Ho comprato una bombola di elio e l'ho usata per gonfiare Eugenia, poi l'ho lasciata libera di fluttuare in casa, è andata a posarsi su un angolo del soffitto, supina, cioè, supina rispetto a me che ero sotto, ma prona rispetto al soffitto, vabè insomma stava con la faccia contro il soffitto e il culo rivolto verso di me. Ieri al lavoro era la Giornata della Rivincita e sono tornato a casa che ero un fascio di nervi, perché mentre ero lì nella palestra aziendale che umiliavo le Penelopi del Reparto Entropia mi sono avvicinato con la faccia a una di loro e gli ho sussurrato "Perché non vi ribellate?", e lei mi ha risposto, impassibile, "Perché non vi ribellate voi?". Così come sono entrato in casa e ho visto il culo fluttuante di Eugenia sopra la mia testa ho avuto un capogiro e mi è salita l'eccitazione e ho giustamente pensato subito di abusare di Eugenia, ma non sapevo come raggiungerla, era troppo in alto, ho dovuto prendere la scala.
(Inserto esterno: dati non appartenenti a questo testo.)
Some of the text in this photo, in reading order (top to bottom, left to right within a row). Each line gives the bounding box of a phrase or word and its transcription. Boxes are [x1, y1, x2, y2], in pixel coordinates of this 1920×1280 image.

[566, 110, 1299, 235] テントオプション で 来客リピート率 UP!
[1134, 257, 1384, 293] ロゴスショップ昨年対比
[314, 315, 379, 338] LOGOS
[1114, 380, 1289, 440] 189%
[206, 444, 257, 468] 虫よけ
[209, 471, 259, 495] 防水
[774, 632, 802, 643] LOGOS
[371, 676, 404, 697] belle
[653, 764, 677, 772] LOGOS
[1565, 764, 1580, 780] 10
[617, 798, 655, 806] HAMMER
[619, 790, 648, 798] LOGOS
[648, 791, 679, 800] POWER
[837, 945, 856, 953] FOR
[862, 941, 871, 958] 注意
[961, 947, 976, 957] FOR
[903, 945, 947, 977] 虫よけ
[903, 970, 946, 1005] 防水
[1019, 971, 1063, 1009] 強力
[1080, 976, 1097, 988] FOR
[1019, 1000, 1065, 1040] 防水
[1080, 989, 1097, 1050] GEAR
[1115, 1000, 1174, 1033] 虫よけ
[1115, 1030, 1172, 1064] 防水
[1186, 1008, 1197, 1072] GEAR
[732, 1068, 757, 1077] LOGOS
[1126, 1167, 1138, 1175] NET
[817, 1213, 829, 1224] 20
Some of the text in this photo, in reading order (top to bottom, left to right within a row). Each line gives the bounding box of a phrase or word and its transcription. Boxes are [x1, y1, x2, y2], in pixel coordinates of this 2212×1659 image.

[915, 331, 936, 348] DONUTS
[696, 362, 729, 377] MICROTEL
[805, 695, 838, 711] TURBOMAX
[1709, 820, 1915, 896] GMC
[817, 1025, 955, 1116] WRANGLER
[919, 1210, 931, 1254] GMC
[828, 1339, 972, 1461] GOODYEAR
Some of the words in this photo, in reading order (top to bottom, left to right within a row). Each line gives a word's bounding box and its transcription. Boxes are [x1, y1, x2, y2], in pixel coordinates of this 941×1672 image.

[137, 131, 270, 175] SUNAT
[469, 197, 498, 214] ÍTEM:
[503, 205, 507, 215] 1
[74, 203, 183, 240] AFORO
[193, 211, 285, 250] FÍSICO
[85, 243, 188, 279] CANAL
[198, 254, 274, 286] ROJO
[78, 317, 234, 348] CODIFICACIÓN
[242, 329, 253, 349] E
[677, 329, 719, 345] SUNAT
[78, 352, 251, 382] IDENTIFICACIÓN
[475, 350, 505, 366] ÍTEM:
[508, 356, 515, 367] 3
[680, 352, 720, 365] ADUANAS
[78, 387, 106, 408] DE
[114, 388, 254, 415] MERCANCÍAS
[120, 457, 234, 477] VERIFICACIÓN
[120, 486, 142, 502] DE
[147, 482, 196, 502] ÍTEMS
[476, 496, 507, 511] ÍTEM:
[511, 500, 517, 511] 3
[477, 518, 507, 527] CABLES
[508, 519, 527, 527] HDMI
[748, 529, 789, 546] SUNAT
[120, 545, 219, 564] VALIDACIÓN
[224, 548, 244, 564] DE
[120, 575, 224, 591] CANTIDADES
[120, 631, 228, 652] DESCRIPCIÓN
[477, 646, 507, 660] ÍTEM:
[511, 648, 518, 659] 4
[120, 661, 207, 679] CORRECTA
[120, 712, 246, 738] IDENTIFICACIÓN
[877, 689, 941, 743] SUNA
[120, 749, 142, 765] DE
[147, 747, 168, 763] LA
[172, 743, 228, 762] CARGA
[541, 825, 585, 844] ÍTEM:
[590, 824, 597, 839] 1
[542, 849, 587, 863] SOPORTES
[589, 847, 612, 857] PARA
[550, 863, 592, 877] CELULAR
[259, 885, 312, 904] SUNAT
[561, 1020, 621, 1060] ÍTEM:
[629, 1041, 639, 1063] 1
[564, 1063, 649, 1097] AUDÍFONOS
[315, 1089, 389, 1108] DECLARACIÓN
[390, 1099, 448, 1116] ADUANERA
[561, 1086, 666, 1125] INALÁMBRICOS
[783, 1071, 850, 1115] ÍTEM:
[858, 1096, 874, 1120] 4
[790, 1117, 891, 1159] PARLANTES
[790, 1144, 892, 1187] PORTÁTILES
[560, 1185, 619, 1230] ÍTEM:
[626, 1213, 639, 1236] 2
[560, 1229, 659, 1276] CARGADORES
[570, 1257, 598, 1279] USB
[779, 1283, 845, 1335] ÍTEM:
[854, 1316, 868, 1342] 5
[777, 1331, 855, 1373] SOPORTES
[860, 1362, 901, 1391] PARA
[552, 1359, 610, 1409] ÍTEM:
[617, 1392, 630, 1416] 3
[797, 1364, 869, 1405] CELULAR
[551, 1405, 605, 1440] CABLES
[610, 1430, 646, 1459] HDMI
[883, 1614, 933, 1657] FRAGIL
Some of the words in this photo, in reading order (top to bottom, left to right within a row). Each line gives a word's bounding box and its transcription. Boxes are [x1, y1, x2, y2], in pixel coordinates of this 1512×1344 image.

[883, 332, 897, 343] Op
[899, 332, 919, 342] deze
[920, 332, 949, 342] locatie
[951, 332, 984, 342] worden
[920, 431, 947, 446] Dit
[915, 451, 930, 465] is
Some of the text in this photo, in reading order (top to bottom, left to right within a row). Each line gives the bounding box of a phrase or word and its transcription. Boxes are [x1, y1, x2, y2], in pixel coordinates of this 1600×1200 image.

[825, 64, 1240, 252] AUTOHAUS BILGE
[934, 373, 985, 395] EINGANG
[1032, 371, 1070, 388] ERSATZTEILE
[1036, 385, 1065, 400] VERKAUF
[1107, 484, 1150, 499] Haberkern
Dopo abbiamo fatto sesso sul divano, e appena mi sono girato sulla schiena però Eugenia si è sfilata da me ed è volata di nuovo verso il soffitto. Dopo qualche secondo ho sentito plich!, era il mio seme che era scivolato dalla sua vagina sintetica finendo sul pavimento. Io mi sono appisolato sul divano forse per cinque minuti, mi ha svegliato il citofono che suonava. Era mio padre. Ho messo una pila di giornali sopra la chiazza sul pavimento, ma non c'era tempo di tirare giù Eugenia dal soffitto, mio padre era già dietro la porta del mio appartamento. Mi sono affacciato sul pianerottolo.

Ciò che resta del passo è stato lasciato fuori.